Pagi ini aku berjalan menyusuri kampung kecil di samping rumah. Sebuah kampung pemulung yang dipenuhi dengan karung-karung besar penuh dengan botol plastik. Kampung itu berada di pinggir sungai kecil, yang juga dipenuhi oleh sampah-sampah, hingga menyebarkan aroma tidak sedap di pagi hari. Banyak hal yang berkecamuk dalam hati melihat pemandangan "indah" ini, satu sisi aku gembira karena akhirnya bisa melihat wajah Jakarta -selain macet, yang setiap hari kualami, terutama jika pulang kerja- yang selama ini hanya bisa kusaksikan melalui layar TV.

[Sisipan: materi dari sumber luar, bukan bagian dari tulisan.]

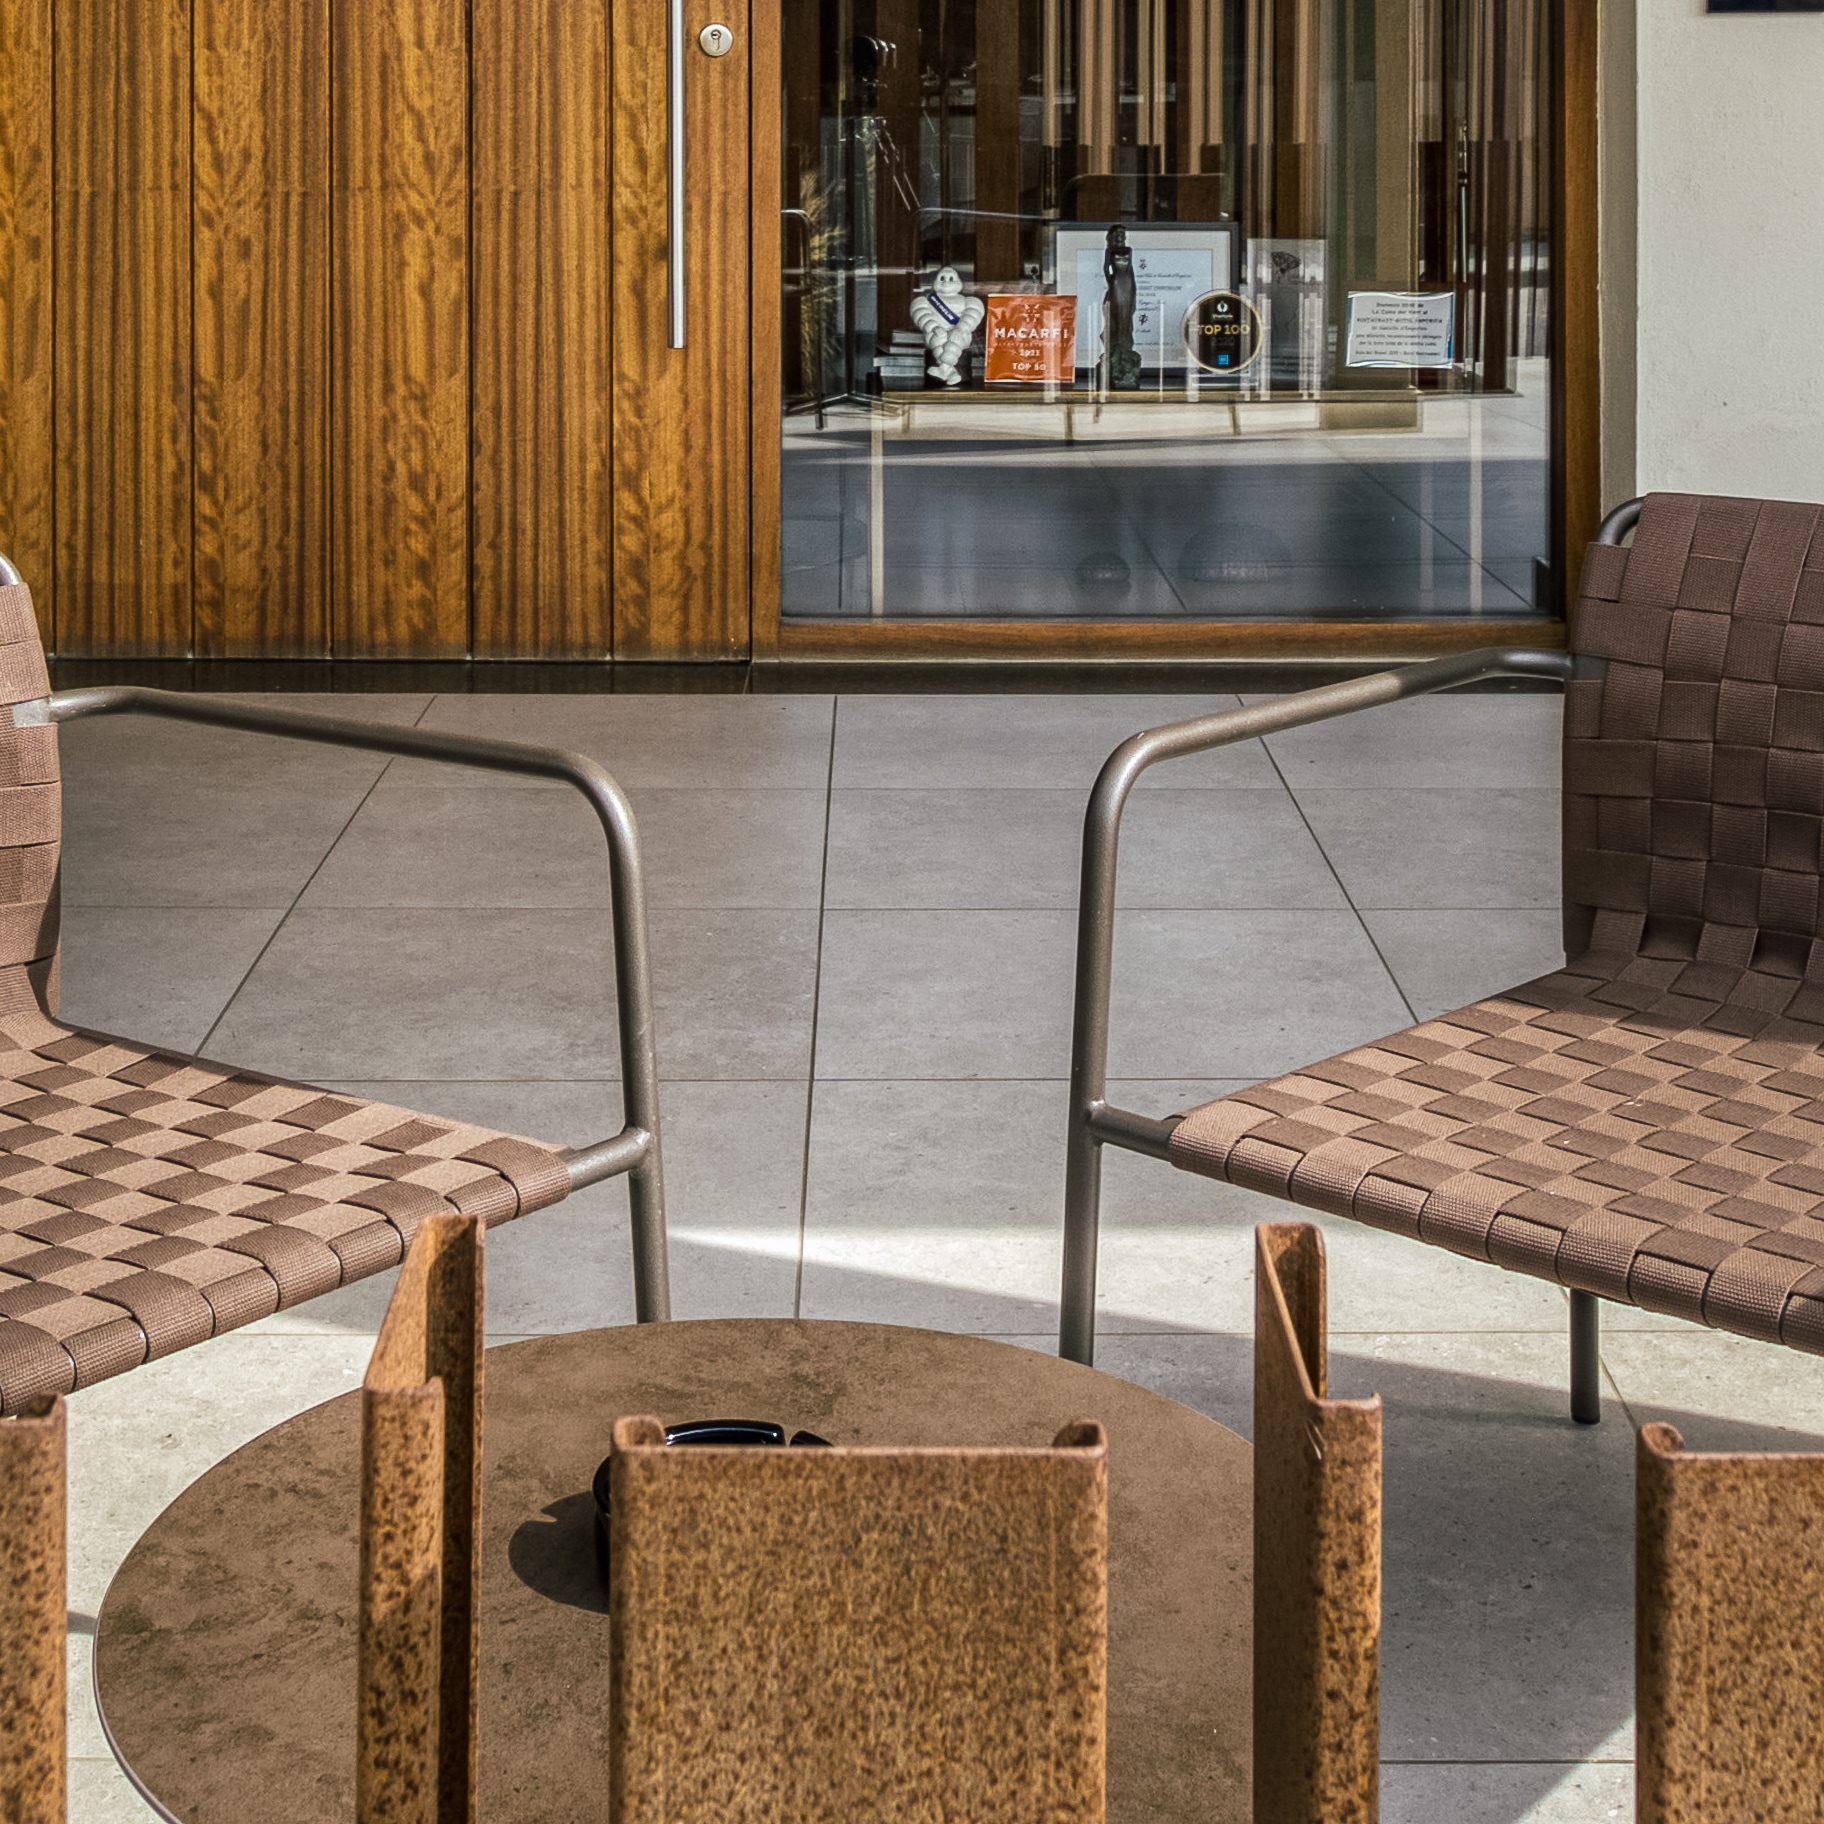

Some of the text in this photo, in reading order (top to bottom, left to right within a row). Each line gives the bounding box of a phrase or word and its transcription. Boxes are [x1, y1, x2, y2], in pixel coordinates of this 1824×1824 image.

--Back to Topic,,,Aku berjalan sembari mengumpulkan keberanian, apalagi kondisi jalan sepi bangeett,,dan wilayah yg kulewati sama sekali belum kujamah. Ternyata di Jakarta, hr Sabtu sama dengan Minggu, buktinya pukul 06.00 masih seperti jam 05.00, hanya tampak beberapa angkot yang berseliweran, itu pun masih dengan penumpang yang tak lebih dari lima orang. Tapi keinginan untuk melihat keadaan di skitar kampung pemulung, mengalahkan rasa takut itu. Aku kembali berjalan tanpa menghiraukan tatapan aneh beberapa pejalan kaki yang sesekali mencuri pandang ke arahku -waktu itu aku berpikir, mungkin ada yang salah dengan pakaian (he...kebiasaan demam panggung)-. Setibanya di sebuah gang kecil, aku pun masuk di dalamnya, harap2 cemas tak kesasar, karena kondisi gangnya sangat sempit, mungkin ini yg disebut gang senggol, hanya muat utk satu orang saja. Untungnya masih pagi, jadi tak sering berhenti untuk memberikan kesempatan orang lain lewat lebih dulu. Aku terus berjalan menyusuri gang kecil nan sempit ini, sembari berpikir akankah kedekatan bangunan berpengaruh kepada kedekatan emosional?? Jika iya, mengapa kota metropolitan tetap saja bergejolak, banyak tawuran, perampokan, dan kriminalitas lainnya. Tapi sepertinya hipotesis pertama tentang kedekatan fisik tsb terbantahkan dengan perilaku yang ditemukan kemudian, yaitu tersebarnya virus individualisme di tempat ini. Nah, jika sudah muncul virus ini, maka bersiaplah untuk terlibat dalam konflik, baik konflik dalam keluarga inti, maupun antar kelompok masyarakat.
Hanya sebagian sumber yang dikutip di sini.